Often, too, these kinds of studies involve looking at a broad cohort of people and seeing if those with a certain condition were more likely to have been drinkers. If researchers are only looking for drinking as a factor, it can be easy to miss other potential contributors. We don’t know, for instance, whether they spent their time drinking in smoky bars or restaurants (back when that was allowed), or did so while eating less healthy foods; these factors are often marginalized when alcohol becomes the focus.

The CCSA also presents the relative risk, rather than the absolute risk, of developing the various conditions. According to its data, consuming three and a half drinks a day increases your risk of developing larynx cancer by nearly 100 per cent, which sounds shocking, and is presented in a table with scary red shading. But larynx cancer, which is mostly related to smoking, was diagnosed in roughly 0.0197 per cent of Canadians in 2022. Many of the other cancers the CCSA associates with alcohol also have low incidence rates. And everyone has a different level of risk for various conditions, based on factors including lifestyle and genetics.

Alcohol’s association with cancer is important to examine, and the disease should not be disregarded. But it also needs context. After all, life is about making choices – and it helps to be fully informed.

We should also consider researcher perspective. The CCSA is focused on harm-first, which is less a criticism than a fact: Although its name emphasizes “substance use and addiction,” its focus is on the negative side of “use.” Its job is to look for harm in the name of health. Through this lens, potential benefits don’t track.

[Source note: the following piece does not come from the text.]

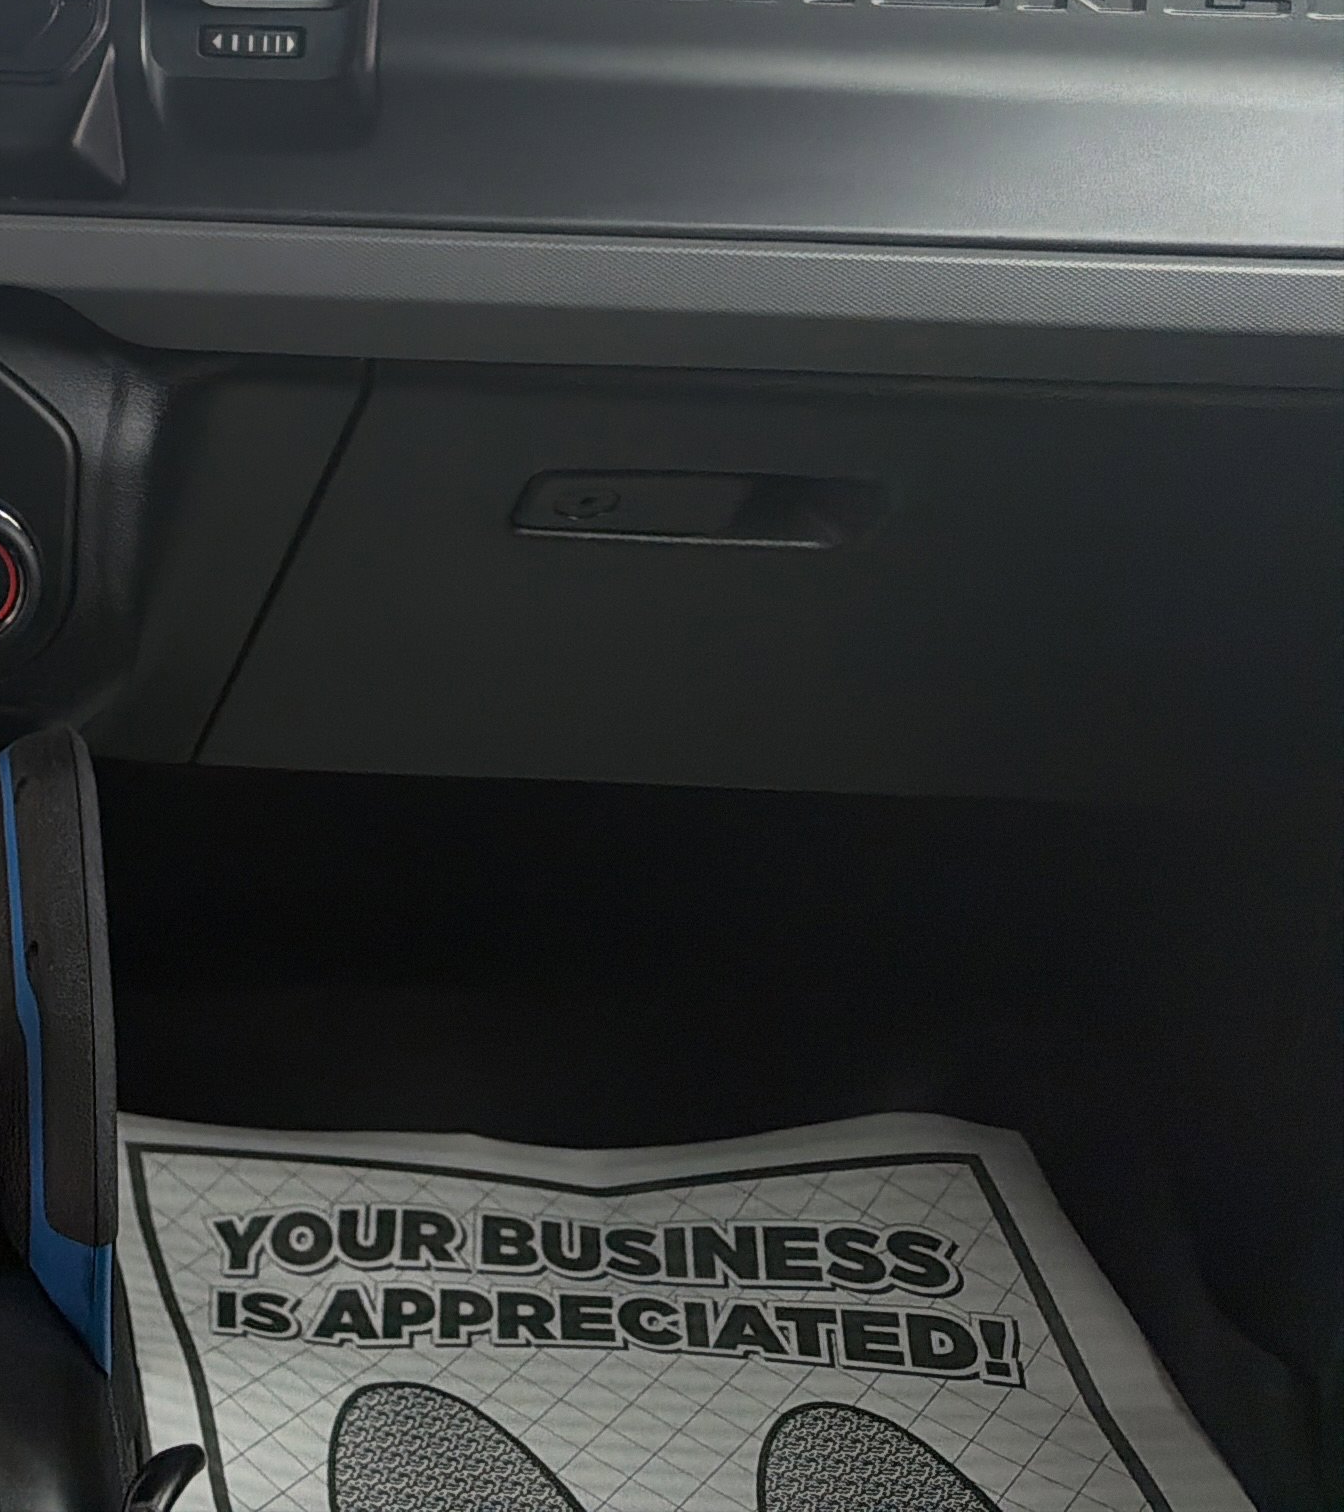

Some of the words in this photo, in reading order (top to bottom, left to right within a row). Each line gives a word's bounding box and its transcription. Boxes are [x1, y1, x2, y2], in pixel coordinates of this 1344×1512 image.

And indeed, the CCSA made its recommendations without consideration of the potential (and well-documented) positive effects of alcohol on the lives of individuals, nor the potential harms caused by excessive and patronizing recommendations in the name of “for your own good” science.

These are important considerations, because human research on a population level (as compared with studies where all complicating factors are controlled in a lab, something you can’t do with long-term human research for legal and ethical reasons) is a point of contention among scholars. Although the CCSA does mention, near the end of the report, the considerable limitations to its conclusions, they do not seem to affect the urgency or excessiveness of its recommendations.

Meanwhile, persistent research results suggest that abstinence can cause greater health harm than moderate alcohol consumption. Moreover, alcohol can enhance lives in positive social ways: For many people, it is a way to celebrate or commiserate, to rejoice or mourn, to relax or blow off steam. There is robust research on the benefits of such social connectedness to health, showing that having positive social relationships can be more protective from long-term health harm than quitting smoking. Calling for significant lifestyle changes creates a stigma around something that can contribute to good health.

The CCSA has presented data that are largely removed from actual human behaviour, interactions and experiences – that is, the things that give life meaning. When you reduce human activity to a simplistic interpretation of biological processes, you are no longer looking at humanity. You’re just looking at numbers.

Without considering the potential dangers of such advice, and the potential benefits around moderate drinking, the CCSA recommendations seem worse than useless. They’re reckless.